== Exercise data ==

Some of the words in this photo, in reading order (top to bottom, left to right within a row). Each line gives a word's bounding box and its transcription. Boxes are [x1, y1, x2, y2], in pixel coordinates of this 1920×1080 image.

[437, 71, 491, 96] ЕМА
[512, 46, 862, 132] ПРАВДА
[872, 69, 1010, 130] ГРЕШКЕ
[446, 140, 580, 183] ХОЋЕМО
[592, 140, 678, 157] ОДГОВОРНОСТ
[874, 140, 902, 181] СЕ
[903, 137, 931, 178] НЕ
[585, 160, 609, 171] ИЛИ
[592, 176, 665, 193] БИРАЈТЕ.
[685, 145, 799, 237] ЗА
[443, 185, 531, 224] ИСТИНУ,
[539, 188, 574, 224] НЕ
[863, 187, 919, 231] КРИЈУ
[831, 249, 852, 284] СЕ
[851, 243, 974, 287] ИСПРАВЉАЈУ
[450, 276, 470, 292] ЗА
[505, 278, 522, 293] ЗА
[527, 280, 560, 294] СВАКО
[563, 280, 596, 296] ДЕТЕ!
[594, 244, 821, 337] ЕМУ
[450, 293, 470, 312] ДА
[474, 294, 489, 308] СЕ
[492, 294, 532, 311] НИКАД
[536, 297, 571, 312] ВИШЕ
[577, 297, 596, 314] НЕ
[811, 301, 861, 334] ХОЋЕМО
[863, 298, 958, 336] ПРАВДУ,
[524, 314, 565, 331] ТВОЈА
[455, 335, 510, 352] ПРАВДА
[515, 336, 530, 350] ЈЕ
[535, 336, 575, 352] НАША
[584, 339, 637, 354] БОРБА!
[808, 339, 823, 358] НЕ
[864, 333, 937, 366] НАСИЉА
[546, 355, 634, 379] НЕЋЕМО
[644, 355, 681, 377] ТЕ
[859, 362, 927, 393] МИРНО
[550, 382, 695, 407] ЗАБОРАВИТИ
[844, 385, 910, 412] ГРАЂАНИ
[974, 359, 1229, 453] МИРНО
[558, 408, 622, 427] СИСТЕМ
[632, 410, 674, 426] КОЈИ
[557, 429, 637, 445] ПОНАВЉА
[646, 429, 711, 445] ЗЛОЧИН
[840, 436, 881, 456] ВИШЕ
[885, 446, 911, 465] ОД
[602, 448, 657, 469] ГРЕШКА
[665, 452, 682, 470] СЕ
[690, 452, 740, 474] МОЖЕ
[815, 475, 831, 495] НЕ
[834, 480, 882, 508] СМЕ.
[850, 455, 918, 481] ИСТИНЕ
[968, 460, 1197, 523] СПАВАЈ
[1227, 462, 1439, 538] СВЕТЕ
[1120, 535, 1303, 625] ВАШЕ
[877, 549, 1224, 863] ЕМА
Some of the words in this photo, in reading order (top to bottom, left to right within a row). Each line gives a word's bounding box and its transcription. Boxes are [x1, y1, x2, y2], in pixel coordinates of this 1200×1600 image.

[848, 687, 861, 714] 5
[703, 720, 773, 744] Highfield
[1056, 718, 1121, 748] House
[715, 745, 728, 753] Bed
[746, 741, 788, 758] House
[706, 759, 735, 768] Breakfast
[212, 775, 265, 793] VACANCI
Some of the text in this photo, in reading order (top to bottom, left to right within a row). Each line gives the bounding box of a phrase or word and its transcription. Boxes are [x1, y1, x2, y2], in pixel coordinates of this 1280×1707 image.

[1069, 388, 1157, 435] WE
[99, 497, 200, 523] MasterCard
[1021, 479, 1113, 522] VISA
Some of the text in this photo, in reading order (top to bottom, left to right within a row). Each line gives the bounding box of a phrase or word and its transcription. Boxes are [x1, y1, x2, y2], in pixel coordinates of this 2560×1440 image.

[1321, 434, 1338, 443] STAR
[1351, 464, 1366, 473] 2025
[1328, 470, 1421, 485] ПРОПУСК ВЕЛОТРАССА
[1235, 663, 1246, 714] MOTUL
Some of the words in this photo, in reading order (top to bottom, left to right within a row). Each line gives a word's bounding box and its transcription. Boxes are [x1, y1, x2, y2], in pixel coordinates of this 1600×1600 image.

===

* Your assignment: An exact copy of every line above is needed.

* Written answer:
Some of the words in this photo, in reading order (top to bottom, left to right within a row). Each line gives a word's bounding box and its transcription. Boxes are [x1, y1, x2, y2], in pixel coordinates of this 1920×1080 image.

[437, 71, 491, 96] ЕМА
[512, 46, 862, 132] ПРАВДА
[872, 69, 1010, 130] ГРЕШКЕ
[446, 140, 580, 183] ХОЋЕМО
[592, 140, 678, 157] ОДГОВОРНОСТ
[874, 140, 902, 181] СЕ
[903, 137, 931, 178] НЕ
[585, 160, 609, 171] ИЛИ
[592, 176, 665, 193] БИРАЈТЕ.
[685, 145, 799, 237] ЗА
[443, 185, 531, 224] ИСТИНУ,
[539, 188, 574, 224] НЕ
[863, 187, 919, 231] КРИЈУ
[831, 249, 852, 284] СЕ
[851, 243, 974, 287] ИСПРАВЉАЈУ
[450, 276, 470, 292] ЗА
[505, 278, 522, 293] ЗА
[527, 280, 560, 294] СВАКО
[563, 280, 596, 296] ДЕТЕ!
[594, 244, 821, 337] ЕМУ
[450, 293, 470, 312] ДА
[474, 294, 489, 308] СЕ
[492, 294, 532, 311] НИКАД
[536, 297, 571, 312] ВИШЕ
[577, 297, 596, 314] НЕ
[811, 301, 861, 334] ХОЋЕМО
[863, 298, 958, 336] ПРАВДУ,
[524, 314, 565, 331] ТВОЈА
[455, 335, 510, 352] ПРАВДА
[515, 336, 530, 350] ЈЕ
[535, 336, 575, 352] НАША
[584, 339, 637, 354] БОРБА!
[808, 339, 823, 358] НЕ
[864, 333, 937, 366] НАСИЉА
[546, 355, 634, 379] НЕЋЕМО
[644, 355, 681, 377] ТЕ
[859, 362, 927, 393] МИРНО
[550, 382, 695, 407] ЗАБОРАВИТИ
[844, 385, 910, 412] ГРАЂАНИ
[974, 359, 1229, 453] МИРНО
[558, 408, 622, 427] СИСТЕМ
[632, 410, 674, 426] КОЈИ
[557, 429, 637, 445] ПОНАВЉА
[646, 429, 711, 445] ЗЛОЧИН
[840, 436, 881, 456] ВИШЕ
[885, 446, 911, 465] ОД
[602, 448, 657, 469] ГРЕШКА
[665, 452, 682, 470] СЕ
[690, 452, 740, 474] МОЖЕ
[815, 475, 831, 495] НЕ
[834, 480, 882, 508] СМЕ.
[850, 455, 918, 481] ИСТИНЕ
[968, 460, 1197, 523] СПАВАЈ
[1227, 462, 1439, 538] СВЕТЕ
[1120, 535, 1303, 625] ВАШЕ
[877, 549, 1224, 863] ЕМА
Some of the words in this photo, in reading order (top to bottom, left to right within a row). Each line gives a word's bounding box and its transcription. Boxes are [x1, y1, x2, y2], in pixel coordinates of this 1200×1600 image.

[848, 687, 861, 714] 5
[703, 720, 773, 744] Highfield
[1056, 718, 1121, 748] House
[715, 745, 728, 753] Bed
[746, 741, 788, 758] House
[706, 759, 735, 768] Breakfast
[212, 775, 265, 793] VACANCI
Some of the text in this photo, in reading order (top to bottom, left to right within a row). Each line gives the bounding box of a phrase or word and its transcription. Boxes are [x1, y1, x2, y2], in pixel coordinates of this 1280×1707 image.

[1069, 388, 1157, 435] WE
[99, 497, 200, 523] MasterCard
[1021, 479, 1113, 522] VISA
Some of the text in this photo, in reading order (top to bottom, left to right within a row). Each line gives the bounding box of a phrase or word and its transcription. Boxes are [x1, y1, x2, y2], in pixel coordinates of this 2560×1440 image.

[1321, 434, 1338, 443] STAR
[1351, 464, 1366, 473] 2025
[1328, 470, 1421, 485] ПРОПУСК ВЕЛОТРАССА
[1235, 663, 1246, 714] MOTUL
Some of the words in this photo, in reading order (top to bottom, left to right within a row). Each line gives a word's bounding box and its transcription. Boxes are [x1, y1, x2, y2], in pixel coordinates of this 1600×1600 image.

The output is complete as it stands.